- MATERIAL PROVIDED
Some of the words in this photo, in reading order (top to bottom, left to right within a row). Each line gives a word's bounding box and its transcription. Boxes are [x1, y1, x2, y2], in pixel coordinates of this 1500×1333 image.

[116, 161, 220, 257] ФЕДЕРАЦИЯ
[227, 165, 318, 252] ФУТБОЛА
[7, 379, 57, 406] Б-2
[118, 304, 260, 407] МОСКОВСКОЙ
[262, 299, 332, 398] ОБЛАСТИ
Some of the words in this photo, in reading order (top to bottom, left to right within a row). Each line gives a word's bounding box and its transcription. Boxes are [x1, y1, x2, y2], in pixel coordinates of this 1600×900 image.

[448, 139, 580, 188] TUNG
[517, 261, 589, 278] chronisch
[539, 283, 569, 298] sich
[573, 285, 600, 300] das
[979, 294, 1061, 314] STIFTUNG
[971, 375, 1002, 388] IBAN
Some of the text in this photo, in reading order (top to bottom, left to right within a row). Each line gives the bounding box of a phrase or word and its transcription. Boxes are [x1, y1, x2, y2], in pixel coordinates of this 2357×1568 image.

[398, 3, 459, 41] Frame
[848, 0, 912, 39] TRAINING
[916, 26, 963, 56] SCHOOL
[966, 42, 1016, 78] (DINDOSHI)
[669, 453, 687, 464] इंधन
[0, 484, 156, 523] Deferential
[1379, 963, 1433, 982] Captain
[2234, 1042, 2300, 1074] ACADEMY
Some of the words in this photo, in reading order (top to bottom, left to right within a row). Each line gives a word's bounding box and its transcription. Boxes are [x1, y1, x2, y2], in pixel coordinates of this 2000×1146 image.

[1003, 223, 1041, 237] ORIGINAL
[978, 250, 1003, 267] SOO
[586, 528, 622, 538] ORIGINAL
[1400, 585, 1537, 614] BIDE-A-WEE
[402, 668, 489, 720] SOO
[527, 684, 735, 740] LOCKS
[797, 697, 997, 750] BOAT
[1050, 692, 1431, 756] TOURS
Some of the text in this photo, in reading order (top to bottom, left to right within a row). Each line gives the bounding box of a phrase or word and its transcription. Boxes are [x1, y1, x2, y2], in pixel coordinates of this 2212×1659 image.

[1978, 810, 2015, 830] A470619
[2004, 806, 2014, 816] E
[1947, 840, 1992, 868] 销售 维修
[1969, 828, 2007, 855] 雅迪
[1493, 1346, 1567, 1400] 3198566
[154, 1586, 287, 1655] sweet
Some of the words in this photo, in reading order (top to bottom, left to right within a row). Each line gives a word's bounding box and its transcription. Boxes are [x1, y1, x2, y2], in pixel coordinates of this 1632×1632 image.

- YOUR OBJECTIVE
Beginning with the line that holds "this 1600×900 image.", please return every line through the end of the data, exactly as written.

- RESPONSE FOR THIS EXERCISE
Some of the words in this photo, in reading order (top to bottom, left to right within a row). Each line gives a word's bounding box and its transcription. Boxes are [x1, y1, x2, y2], in pixel coordinates of this 1600×900 image.

[448, 139, 580, 188] TUNG
[517, 261, 589, 278] chronisch
[539, 283, 569, 298] sich
[573, 285, 600, 300] das
[979, 294, 1061, 314] STIFTUNG
[971, 375, 1002, 388] IBAN
Some of the text in this photo, in reading order (top to bottom, left to right within a row). Each line gives the bounding box of a phrase or word and its transcription. Boxes are [x1, y1, x2, y2], in pixel coordinates of this 2357×1568 image.

[398, 3, 459, 41] Frame
[848, 0, 912, 39] TRAINING
[916, 26, 963, 56] SCHOOL
[966, 42, 1016, 78] (DINDOSHI)
[669, 453, 687, 464] इंधन
[0, 484, 156, 523] Deferential
[1379, 963, 1433, 982] Captain
[2234, 1042, 2300, 1074] ACADEMY
Some of the words in this photo, in reading order (top to bottom, left to right within a row). Each line gives a word's bounding box and its transcription. Boxes are [x1, y1, x2, y2], in pixel coordinates of this 2000×1146 image.

[1003, 223, 1041, 237] ORIGINAL
[978, 250, 1003, 267] SOO
[586, 528, 622, 538] ORIGINAL
[1400, 585, 1537, 614] BIDE-A-WEE
[402, 668, 489, 720] SOO
[527, 684, 735, 740] LOCKS
[797, 697, 997, 750] BOAT
[1050, 692, 1431, 756] TOURS
Some of the text in this photo, in reading order (top to bottom, left to right within a row). Each line gives the bounding box of a phrase or word and its transcription. Boxes are [x1, y1, x2, y2], in pixel coordinates of this 2212×1659 image.

[1978, 810, 2015, 830] A470619
[2004, 806, 2014, 816] E
[1947, 840, 1992, 868] 销售 维修
[1969, 828, 2007, 855] 雅迪
[1493, 1346, 1567, 1400] 3198566
[154, 1586, 287, 1655] sweet
Some of the words in this photo, in reading order (top to bottom, left to right within a row). Each line gives a word's bounding box and its transcription. Boxes are [x1, y1, x2, y2], in pixel coordinates of this 1632×1632 image.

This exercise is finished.